(Items from a dataset)

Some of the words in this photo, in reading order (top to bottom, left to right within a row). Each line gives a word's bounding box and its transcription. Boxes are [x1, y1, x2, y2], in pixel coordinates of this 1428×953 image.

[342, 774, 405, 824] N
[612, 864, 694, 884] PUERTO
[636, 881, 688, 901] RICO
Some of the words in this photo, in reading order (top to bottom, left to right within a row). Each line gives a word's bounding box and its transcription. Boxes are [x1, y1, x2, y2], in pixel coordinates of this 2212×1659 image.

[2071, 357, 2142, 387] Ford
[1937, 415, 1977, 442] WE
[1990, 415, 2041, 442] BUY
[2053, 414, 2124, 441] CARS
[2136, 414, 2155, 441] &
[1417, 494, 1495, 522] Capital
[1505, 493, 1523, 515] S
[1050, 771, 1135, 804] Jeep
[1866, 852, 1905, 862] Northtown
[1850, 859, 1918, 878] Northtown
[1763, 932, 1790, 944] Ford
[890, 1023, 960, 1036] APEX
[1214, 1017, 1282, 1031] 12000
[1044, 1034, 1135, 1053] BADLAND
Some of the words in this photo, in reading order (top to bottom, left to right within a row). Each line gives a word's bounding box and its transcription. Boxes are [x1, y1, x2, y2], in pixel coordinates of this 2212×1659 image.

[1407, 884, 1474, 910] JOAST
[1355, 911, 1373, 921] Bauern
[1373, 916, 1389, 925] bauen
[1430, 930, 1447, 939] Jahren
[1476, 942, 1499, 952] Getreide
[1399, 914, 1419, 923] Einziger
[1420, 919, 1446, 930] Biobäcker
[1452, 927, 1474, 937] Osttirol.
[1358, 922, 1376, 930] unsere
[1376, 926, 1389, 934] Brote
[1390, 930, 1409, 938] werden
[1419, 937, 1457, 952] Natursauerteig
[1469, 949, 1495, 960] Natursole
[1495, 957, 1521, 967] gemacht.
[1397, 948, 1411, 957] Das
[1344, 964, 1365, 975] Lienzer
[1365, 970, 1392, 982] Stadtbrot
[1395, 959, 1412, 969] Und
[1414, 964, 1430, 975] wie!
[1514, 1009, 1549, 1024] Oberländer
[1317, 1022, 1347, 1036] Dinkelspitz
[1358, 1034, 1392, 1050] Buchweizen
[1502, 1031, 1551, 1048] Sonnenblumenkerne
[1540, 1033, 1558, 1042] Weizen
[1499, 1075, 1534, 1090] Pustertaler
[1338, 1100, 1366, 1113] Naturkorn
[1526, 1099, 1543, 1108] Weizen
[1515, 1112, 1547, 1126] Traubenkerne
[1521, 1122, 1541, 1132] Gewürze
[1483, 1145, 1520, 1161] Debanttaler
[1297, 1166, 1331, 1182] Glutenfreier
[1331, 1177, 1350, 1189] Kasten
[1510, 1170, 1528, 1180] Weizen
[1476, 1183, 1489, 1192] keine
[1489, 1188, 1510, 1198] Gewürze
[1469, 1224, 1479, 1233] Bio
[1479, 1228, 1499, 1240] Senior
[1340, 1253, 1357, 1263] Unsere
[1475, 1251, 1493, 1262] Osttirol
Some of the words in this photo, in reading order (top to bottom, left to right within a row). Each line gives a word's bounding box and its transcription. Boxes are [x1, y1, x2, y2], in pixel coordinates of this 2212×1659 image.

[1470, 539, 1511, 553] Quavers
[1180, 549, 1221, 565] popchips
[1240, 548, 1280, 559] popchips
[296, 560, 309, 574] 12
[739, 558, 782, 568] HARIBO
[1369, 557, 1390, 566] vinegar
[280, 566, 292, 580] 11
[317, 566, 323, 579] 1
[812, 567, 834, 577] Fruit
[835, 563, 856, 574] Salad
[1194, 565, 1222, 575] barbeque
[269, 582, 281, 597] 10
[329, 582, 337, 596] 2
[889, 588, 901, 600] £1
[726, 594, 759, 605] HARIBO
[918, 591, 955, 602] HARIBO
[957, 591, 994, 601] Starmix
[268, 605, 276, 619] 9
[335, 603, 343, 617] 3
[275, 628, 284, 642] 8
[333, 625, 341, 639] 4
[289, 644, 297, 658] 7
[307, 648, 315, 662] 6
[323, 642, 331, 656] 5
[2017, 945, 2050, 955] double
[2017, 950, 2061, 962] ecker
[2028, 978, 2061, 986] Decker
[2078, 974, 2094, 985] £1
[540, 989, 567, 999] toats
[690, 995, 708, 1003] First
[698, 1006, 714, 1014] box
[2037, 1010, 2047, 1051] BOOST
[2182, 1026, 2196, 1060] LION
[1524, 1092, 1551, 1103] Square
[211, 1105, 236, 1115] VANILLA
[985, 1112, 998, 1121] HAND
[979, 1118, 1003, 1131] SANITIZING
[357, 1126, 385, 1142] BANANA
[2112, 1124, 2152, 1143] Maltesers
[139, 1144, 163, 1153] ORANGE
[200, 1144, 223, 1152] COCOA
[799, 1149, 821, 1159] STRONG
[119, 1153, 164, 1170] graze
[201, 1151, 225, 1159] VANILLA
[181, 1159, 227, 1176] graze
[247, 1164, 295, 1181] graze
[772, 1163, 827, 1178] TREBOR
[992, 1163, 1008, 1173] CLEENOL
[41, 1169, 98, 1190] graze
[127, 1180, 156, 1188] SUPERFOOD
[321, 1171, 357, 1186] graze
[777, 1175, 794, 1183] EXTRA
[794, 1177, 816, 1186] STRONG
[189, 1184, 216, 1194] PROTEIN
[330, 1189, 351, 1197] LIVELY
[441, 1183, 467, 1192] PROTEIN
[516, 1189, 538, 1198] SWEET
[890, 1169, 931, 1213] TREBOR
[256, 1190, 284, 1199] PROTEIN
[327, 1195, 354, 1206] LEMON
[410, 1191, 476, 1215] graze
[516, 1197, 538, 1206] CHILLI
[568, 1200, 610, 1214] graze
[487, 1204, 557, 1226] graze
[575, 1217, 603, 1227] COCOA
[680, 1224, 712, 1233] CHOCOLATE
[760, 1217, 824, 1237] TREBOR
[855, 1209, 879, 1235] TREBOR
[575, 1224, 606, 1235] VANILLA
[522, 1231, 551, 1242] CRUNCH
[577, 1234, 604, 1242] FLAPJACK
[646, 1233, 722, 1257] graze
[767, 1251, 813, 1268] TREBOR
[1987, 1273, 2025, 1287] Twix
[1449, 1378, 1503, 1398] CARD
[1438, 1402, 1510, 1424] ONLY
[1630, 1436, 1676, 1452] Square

#### What the task asks:
Whatever appears in the lines above should be copied exactly.

#### Output of the task:
Some of the words in this photo, in reading order (top to bottom, left to right within a row). Each line gives a word's bounding box and its transcription. Boxes are [x1, y1, x2, y2], in pixel coordinates of this 1428×953 image.

[342, 774, 405, 824] N
[612, 864, 694, 884] PUERTO
[636, 881, 688, 901] RICO
Some of the words in this photo, in reading order (top to bottom, left to right within a row). Each line gives a word's bounding box and its transcription. Boxes are [x1, y1, x2, y2], in pixel coordinates of this 2212×1659 image.

[2071, 357, 2142, 387] Ford
[1937, 415, 1977, 442] WE
[1990, 415, 2041, 442] BUY
[2053, 414, 2124, 441] CARS
[2136, 414, 2155, 441] &
[1417, 494, 1495, 522] Capital
[1505, 493, 1523, 515] S
[1050, 771, 1135, 804] Jeep
[1866, 852, 1905, 862] Northtown
[1850, 859, 1918, 878] Northtown
[1763, 932, 1790, 944] Ford
[890, 1023, 960, 1036] APEX
[1214, 1017, 1282, 1031] 12000
[1044, 1034, 1135, 1053] BADLAND
Some of the words in this photo, in reading order (top to bottom, left to right within a row). Each line gives a word's bounding box and its transcription. Boxes are [x1, y1, x2, y2], in pixel coordinates of this 2212×1659 image.

[1407, 884, 1474, 910] JOAST
[1355, 911, 1373, 921] Bauern
[1373, 916, 1389, 925] bauen
[1430, 930, 1447, 939] Jahren
[1476, 942, 1499, 952] Getreide
[1399, 914, 1419, 923] Einziger
[1420, 919, 1446, 930] Biobäcker
[1452, 927, 1474, 937] Osttirol.
[1358, 922, 1376, 930] unsere
[1376, 926, 1389, 934] Brote
[1390, 930, 1409, 938] werden
[1419, 937, 1457, 952] Natursauerteig
[1469, 949, 1495, 960] Natursole
[1495, 957, 1521, 967] gemacht.
[1397, 948, 1411, 957] Das
[1344, 964, 1365, 975] Lienzer
[1365, 970, 1392, 982] Stadtbrot
[1395, 959, 1412, 969] Und
[1414, 964, 1430, 975] wie!
[1514, 1009, 1549, 1024] Oberländer
[1317, 1022, 1347, 1036] Dinkelspitz
[1358, 1034, 1392, 1050] Buchweizen
[1502, 1031, 1551, 1048] Sonnenblumenkerne
[1540, 1033, 1558, 1042] Weizen
[1499, 1075, 1534, 1090] Pustertaler
[1338, 1100, 1366, 1113] Naturkorn
[1526, 1099, 1543, 1108] Weizen
[1515, 1112, 1547, 1126] Traubenkerne
[1521, 1122, 1541, 1132] Gewürze
[1483, 1145, 1520, 1161] Debanttaler
[1297, 1166, 1331, 1182] Glutenfreier
[1331, 1177, 1350, 1189] Kasten
[1510, 1170, 1528, 1180] Weizen
[1476, 1183, 1489, 1192] keine
[1489, 1188, 1510, 1198] Gewürze
[1469, 1224, 1479, 1233] Bio
[1479, 1228, 1499, 1240] Senior
[1340, 1253, 1357, 1263] Unsere
[1475, 1251, 1493, 1262] Osttirol
Some of the words in this photo, in reading order (top to bottom, left to right within a row). Each line gives a word's bounding box and its transcription. Boxes are [x1, y1, x2, y2], in pixel coordinates of this 2212×1659 image.

[1470, 539, 1511, 553] Quavers
[1180, 549, 1221, 565] popchips
[1240, 548, 1280, 559] popchips
[296, 560, 309, 574] 12
[739, 558, 782, 568] HARIBO
[1369, 557, 1390, 566] vinegar
[280, 566, 292, 580] 11
[317, 566, 323, 579] 1
[812, 567, 834, 577] Fruit
[835, 563, 856, 574] Salad
[1194, 565, 1222, 575] barbeque
[269, 582, 281, 597] 10
[329, 582, 337, 596] 2
[889, 588, 901, 600] £1
[726, 594, 759, 605] HARIBO
[918, 591, 955, 602] HARIBO
[957, 591, 994, 601] Starmix
[268, 605, 276, 619] 9
[335, 603, 343, 617] 3
[275, 628, 284, 642] 8
[333, 625, 341, 639] 4
[289, 644, 297, 658] 7
[307, 648, 315, 662] 6
[323, 642, 331, 656] 5
[2017, 945, 2050, 955] double
[2017, 950, 2061, 962] ecker
[2028, 978, 2061, 986] Decker
[2078, 974, 2094, 985] £1
[540, 989, 567, 999] toats
[690, 995, 708, 1003] First
[698, 1006, 714, 1014] box
[2037, 1010, 2047, 1051] BOOST
[2182, 1026, 2196, 1060] LION
[1524, 1092, 1551, 1103] Square
[211, 1105, 236, 1115] VANILLA
[985, 1112, 998, 1121] HAND
[979, 1118, 1003, 1131] SANITIZING
[357, 1126, 385, 1142] BANANA
[2112, 1124, 2152, 1143] Maltesers
[139, 1144, 163, 1153] ORANGE
[200, 1144, 223, 1152] COCOA
[799, 1149, 821, 1159] STRONG
[119, 1153, 164, 1170] graze
[201, 1151, 225, 1159] VANILLA
[181, 1159, 227, 1176] graze
[247, 1164, 295, 1181] graze
[772, 1163, 827, 1178] TREBOR
[992, 1163, 1008, 1173] CLEENOL
[41, 1169, 98, 1190] graze
[127, 1180, 156, 1188] SUPERFOOD
[321, 1171, 357, 1186] graze
[777, 1175, 794, 1183] EXTRA
[794, 1177, 816, 1186] STRONG
[189, 1184, 216, 1194] PROTEIN
[330, 1189, 351, 1197] LIVELY
[441, 1183, 467, 1192] PROTEIN
[516, 1189, 538, 1198] SWEET
[890, 1169, 931, 1213] TREBOR
[256, 1190, 284, 1199] PROTEIN
[327, 1195, 354, 1206] LEMON
[410, 1191, 476, 1215] graze
[516, 1197, 538, 1206] CHILLI
[568, 1200, 610, 1214] graze
[487, 1204, 557, 1226] graze
[575, 1217, 603, 1227] COCOA
[680, 1224, 712, 1233] CHOCOLATE
[760, 1217, 824, 1237] TREBOR
[855, 1209, 879, 1235] TREBOR
[575, 1224, 606, 1235] VANILLA
[522, 1231, 551, 1242] CRUNCH
[577, 1234, 604, 1242] FLAPJACK
[646, 1233, 722, 1257] graze
[767, 1251, 813, 1268] TREBOR
[1987, 1273, 2025, 1287] Twix
[1449, 1378, 1503, 1398] CARD
[1438, 1402, 1510, 1424] ONLY
[1630, 1436, 1676, 1452] Square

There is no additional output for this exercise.